Solution: Injuries pop up in every sport, but a paper in the >Orthopaedic Journal of Sports Medicine looked at CrossFit’s injury rates over four years and found 30% of practitioners suffered a CrossFit-specific injury every 12 months. To avoid being part of this statistic get one-on-one expert instruction before you start and make sure you use light weights, especially when your form degrades through the latter stages of a set. If you’re using a weight that forces you to cheat, even for one rep, then you put yourself at risk, so simply lower the weight until you come back stronger. Don’t get caught up in the foolish competitiveness.

 

One Way Traffic

Most of the CrossFit exercise motions are in the sagittal plane of motion and there is often limited rotational strength and endurance. Many injuries happen through a laterally and rotationally moving body so it’s best to work in those planes of motion to ensure your body is prepared and the core is activated. That’s not to say hulking around weights in traditional weight lifting is risk-free, because when a paper in >Sports Medicine compared it to CrossFit, the latter did have 1.3 times more injuries, but that’s not a huge differential. Simply put, you will get injuries if you don’t train smart when using iron.

Solution: Assess the workout plans and WODs you’ve been doing and if for weeks on end you’ve done little more than squats, push presses, and shoulder presses, through your anterior chain, then you need to counterbalance these on your own by working your posterior chain or rotational movements. Use moves such as bent over rows and all other pulling motions. These will give you the counter balancing strength that should keep you in the game.

 

Team Spirit

The tribal aspect of CrossFit is a monumental motivator because people working together to complete their workout is a bonding experience that rolls over into a social element. However, you can get the same buzz and feelings going to a martial arts class or fight center if you’re not feeling the CrossFit vibe or get ravaged by the iron.

Solution: If CrossFit is not agreeing with your body then you can find the social elements around exercise in other fitness facilities. If you have a niggling injury then try another fitness methodology, perhaps one that focuses more on generating flexibility such as martial arts, Pilates or yoga where there continues to be a group atmosphere. And if you continue to do CrossFit with yoga, just make sure you strike the right balance between work and recovery because research in the >Orthopaedic Journal of Sports Medicine found those in their first year of CrossFit and those who did it less than three days a week were at a greater risk of injury.

 

Qualification Inspection

While there are many excellent coaches with sports science degrees working within the CrossFit world, you should realize that >anyone can qualify as a level one coach by attending a weekend course and answering a 50-question multiple-choice exam then open a Box once the correct fees are paid. The coach is not required to continue with any other qualifications or certifications. Other factions of the fitness industry insist that trainers or strength and conditioning coaches are required to attend and maintain their qualifications through seminars, workshops and CPD courses.

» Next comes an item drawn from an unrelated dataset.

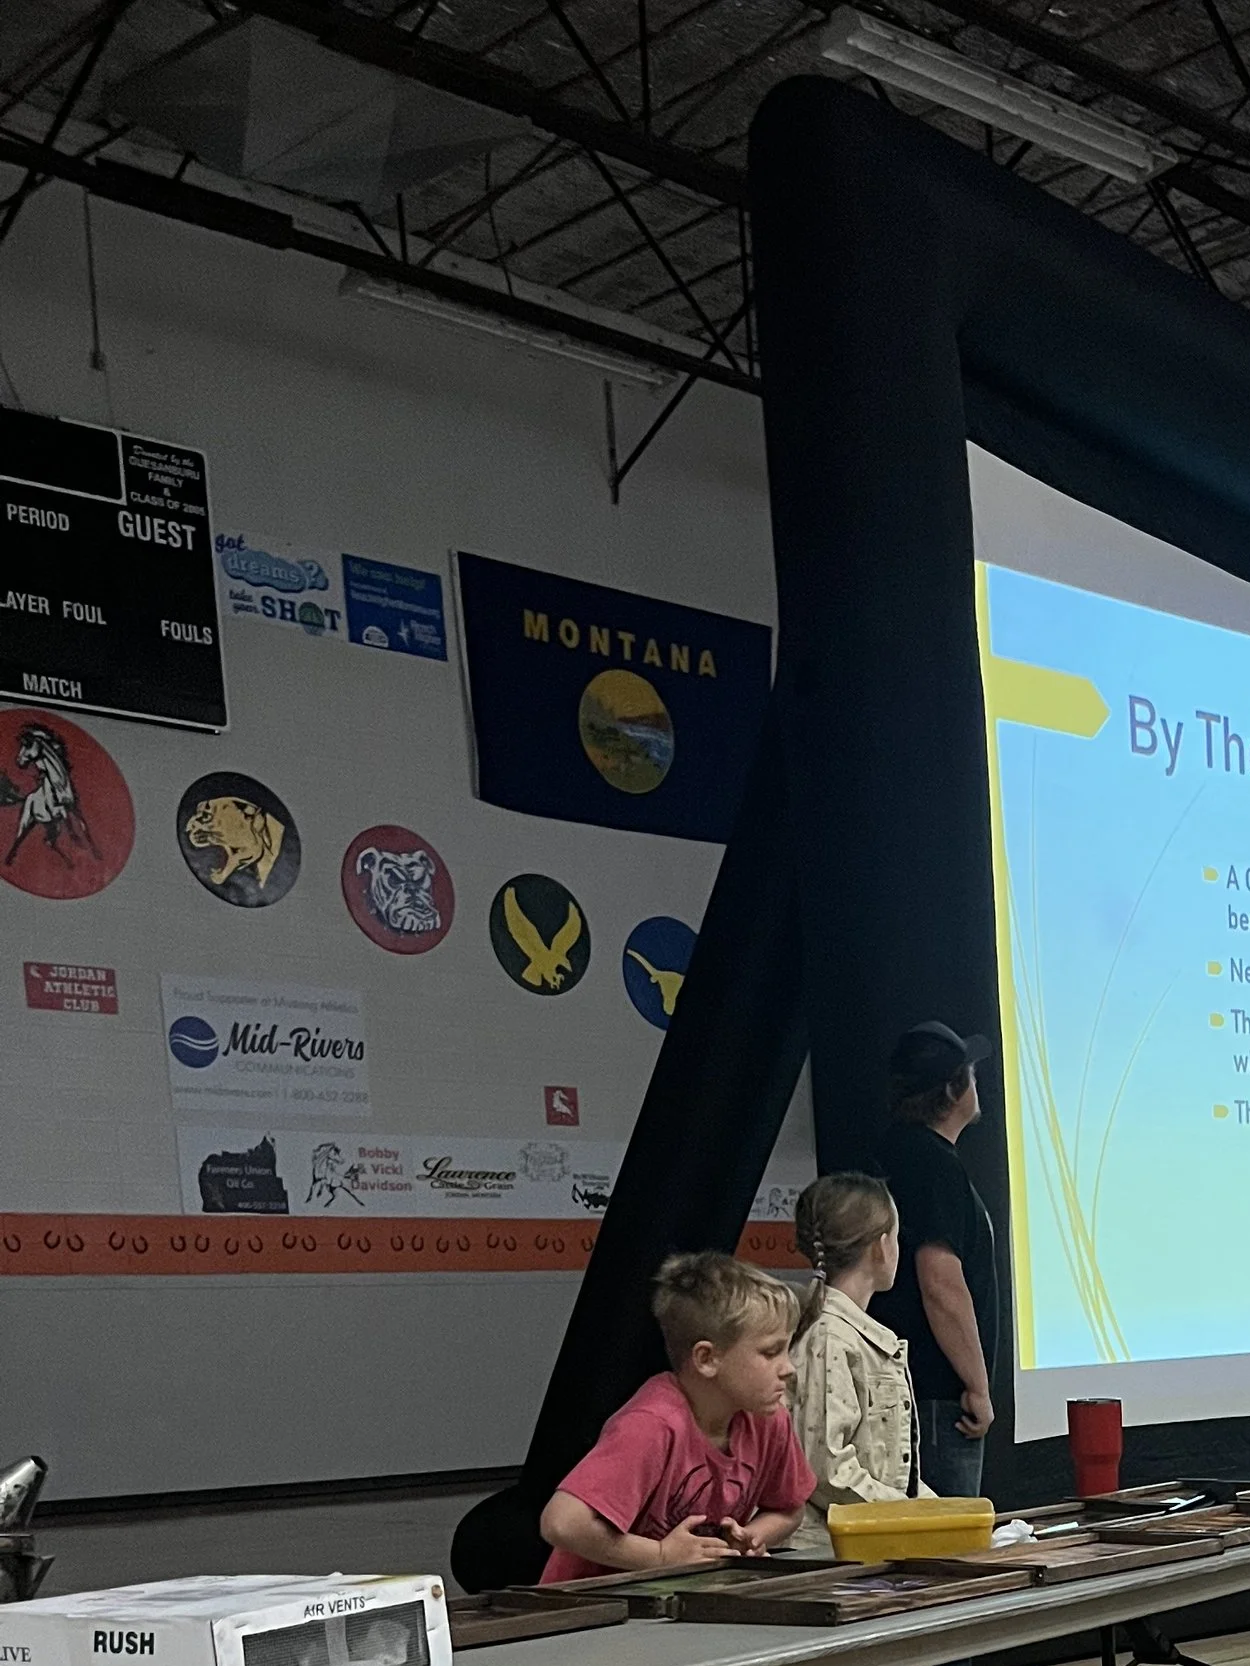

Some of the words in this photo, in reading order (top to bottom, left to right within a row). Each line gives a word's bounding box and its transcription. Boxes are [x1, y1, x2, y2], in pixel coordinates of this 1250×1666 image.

Solution: Before you sign up to a Box, do your homework. Their coaching staff will usually appear on their website which will list their qualifications. Do some sleuthing around those qualifications, finding out the course’s cost and how long they take to complete. This will give you an indication of how much knowledge capital is at your disposal when you sign up.

 

Is it Sport Specific?

At this stage of your life, you’ve probably put aside dreams of being a pro athlete, but that doesn’t mean you shouldn’t still perform to the best of your ability. So ask yourself if CrossFit will help you do this. If you’re doing nothing, then the answer is yes but it is not sport specific because it is not a uniquely designed, periodized routine with progressive overloads that’ll turn you into an elite athlete for your sport.

Solution: Accept what you will and won’t get out of CrossFit. It’s not a magical sports performance elixir, but if you walk away smilling after feeling the burn and it keeps you coming back then you’ve found your niche. Stick with it and enjoy the rewards it will give to your health and physique.